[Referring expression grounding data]
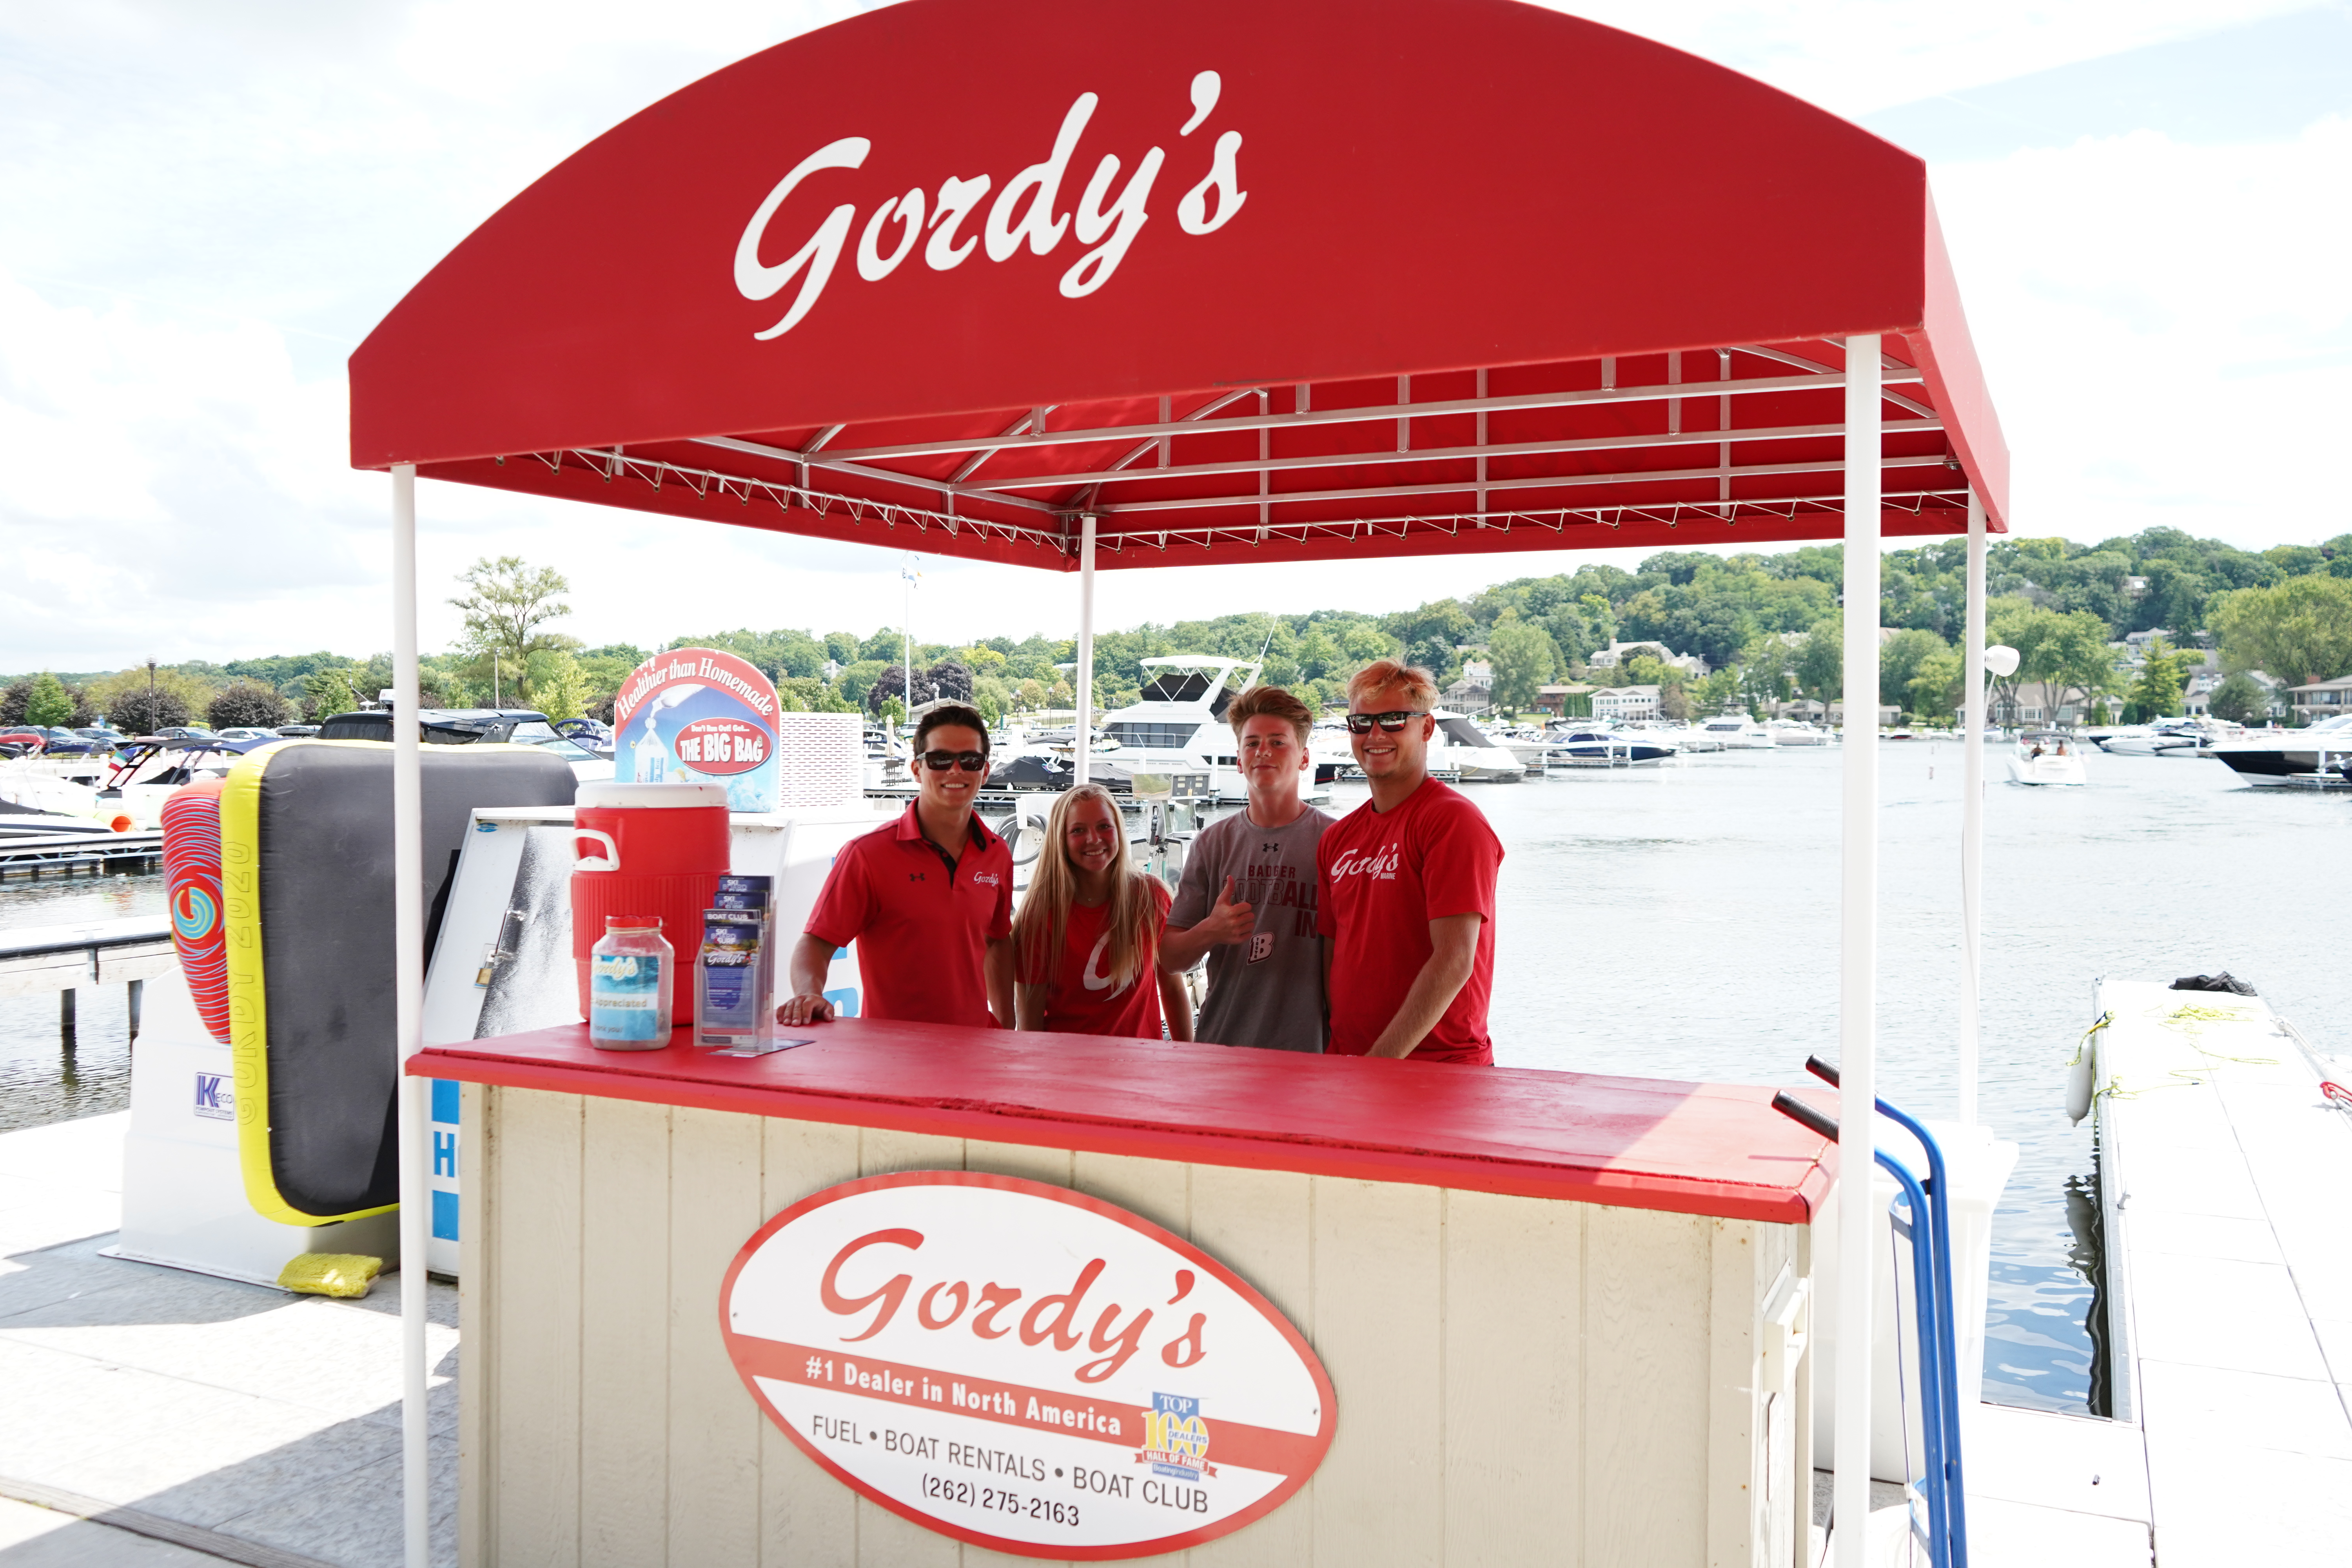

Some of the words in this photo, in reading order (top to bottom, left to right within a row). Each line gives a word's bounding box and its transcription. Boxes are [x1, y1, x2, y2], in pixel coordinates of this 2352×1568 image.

[733, 70, 1248, 341] Gordy's
[617, 666, 668, 721] Healthier
[669, 658, 696, 680] than
[698, 657, 773, 716] Homemade
[680, 737, 701, 762] THE
[704, 733, 731, 762] BIG
[734, 735, 764, 762] BAG
[974, 871, 999, 887] Gordy's
[1249, 865, 1296, 878] BADGER
[1331, 842, 1399, 884] Gordy's
[1294, 910, 1318, 939] IN
[707, 953, 742, 966] Gordy's
[820, 1228, 1207, 1384] Gordy's
[806, 1356, 834, 1382] #1
[844, 1362, 914, 1397] Dealer
[922, 1376, 942, 1403] in
[952, 1382, 1017, 1417] North
[1025, 1396, 1122, 1437] America
[1159, 1394, 1193, 1414] TOP
[1141, 1409, 1209, 1459] 100
[1168, 1430, 1208, 1444] DEALERS
[813, 1415, 863, 1445] FUEL
[885, 1429, 940, 1461] BOAT
[949, 1441, 1046, 1482] RENTALS
[1073, 1466, 1135, 1499] BOAT
[1142, 1479, 1210, 1515] CLUB
[1146, 1450, 1168, 1463] HALL
[1169, 1453, 1180, 1465] OF
[1181, 1455, 1205, 1471] FAME
[922, 1472, 976, 1508] (262)
[982, 1488, 1080, 1527] 275-2163

> WORK TO BE COMPLETED
Drop the images; copy every entry above exactly.

> SOLVED EXERCISE
Some of the words in this photo, in reading order (top to bottom, left to right within a row). Each line gives a word's bounding box and its transcription. Boxes are [x1, y1, x2, y2], in pixel coordinates of this 2352×1568 image.

[733, 70, 1248, 341] Gordy's
[617, 666, 668, 721] Healthier
[669, 658, 696, 680] than
[698, 657, 773, 716] Homemade
[680, 737, 701, 762] THE
[704, 733, 731, 762] BIG
[734, 735, 764, 762] BAG
[974, 871, 999, 887] Gordy's
[1249, 865, 1296, 878] BADGER
[1331, 842, 1399, 884] Gordy's
[1294, 910, 1318, 939] IN
[707, 953, 742, 966] Gordy's
[820, 1228, 1207, 1384] Gordy's
[806, 1356, 834, 1382] #1
[844, 1362, 914, 1397] Dealer
[922, 1376, 942, 1403] in
[952, 1382, 1017, 1417] North
[1025, 1396, 1122, 1437] America
[1159, 1394, 1193, 1414] TOP
[1141, 1409, 1209, 1459] 100
[1168, 1430, 1208, 1444] DEALERS
[813, 1415, 863, 1445] FUEL
[885, 1429, 940, 1461] BOAT
[949, 1441, 1046, 1482] RENTALS
[1073, 1466, 1135, 1499] BOAT
[1142, 1479, 1210, 1515] CLUB
[1146, 1450, 1168, 1463] HALL
[1169, 1453, 1180, 1465] OF
[1181, 1455, 1205, 1471] FAME
[922, 1472, 976, 1508] (262)
[982, 1488, 1080, 1527] 275-2163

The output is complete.